**What to do:**
Excluding all pictures, please output the listing exactly.

**Records:**
/---
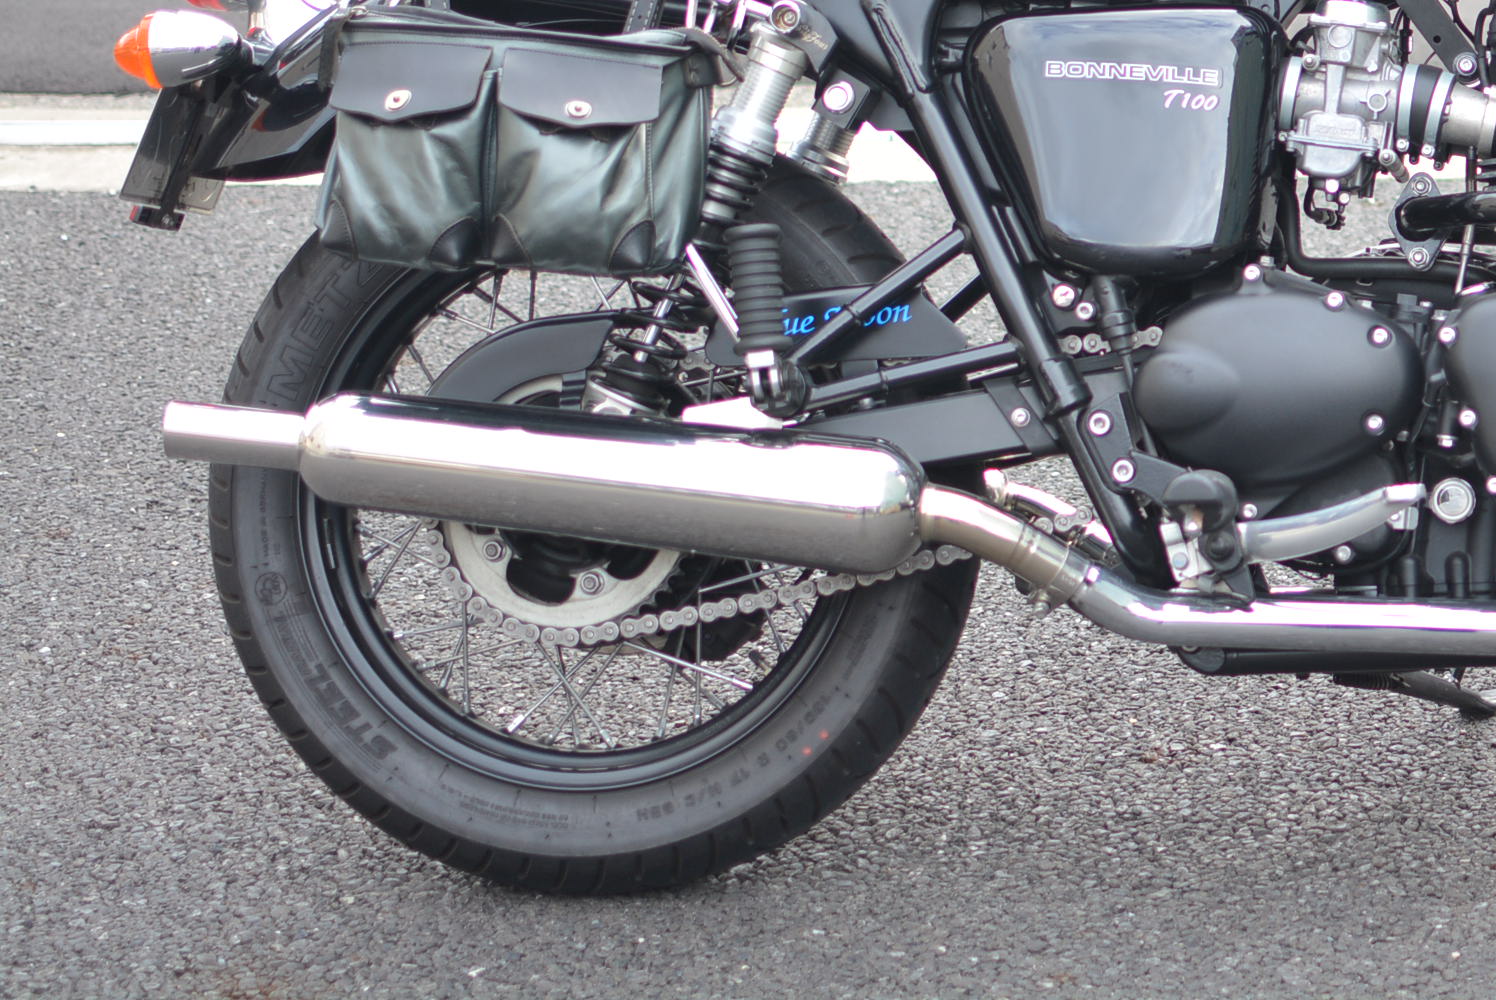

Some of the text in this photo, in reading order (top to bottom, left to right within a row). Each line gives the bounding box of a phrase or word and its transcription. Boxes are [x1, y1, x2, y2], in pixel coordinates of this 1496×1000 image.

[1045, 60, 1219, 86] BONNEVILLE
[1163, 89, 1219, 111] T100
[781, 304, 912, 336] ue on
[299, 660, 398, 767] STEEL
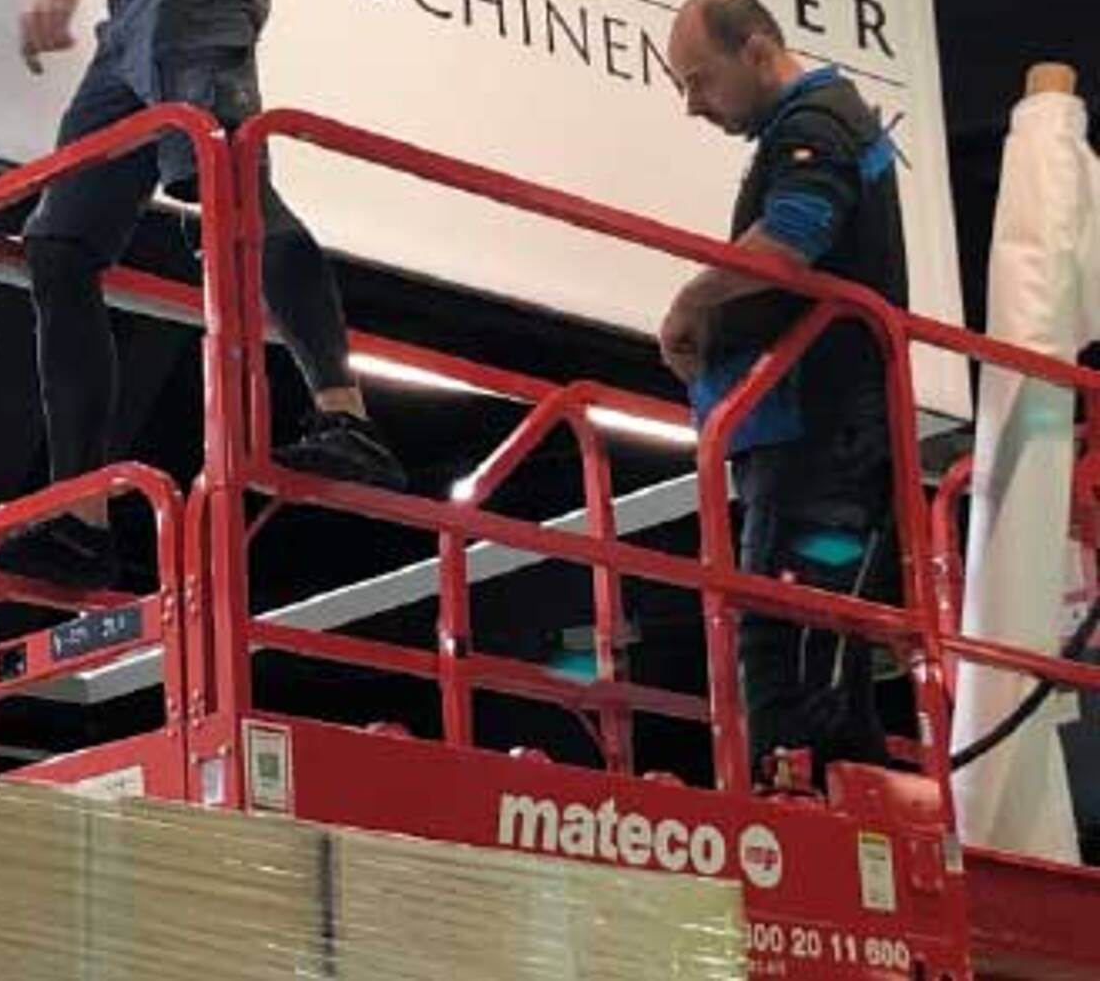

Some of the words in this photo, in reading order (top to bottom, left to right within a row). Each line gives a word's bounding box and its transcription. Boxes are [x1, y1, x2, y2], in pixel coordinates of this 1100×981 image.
\---
**Exercise result:**
Some of the text in this photo, in reading order (top to bottom, left to right within a row). Each line gives the bounding box of a phrase or word and its transcription. Boxes are [x1, y1, x2, y2], in pixel coordinates of this 1496×1000 image.

[1045, 60, 1219, 86] BONNEVILLE
[1163, 89, 1219, 111] T100
[781, 304, 912, 336] ue on
[299, 660, 398, 767] STEEL

Some of the words in this photo, in reading order (top to bottom, left to right within a row). Each line gives a word's bounding box and its transcription. Boxes are [x1, y1, x2, y2], in pixel coordinates of this 1100×981 image.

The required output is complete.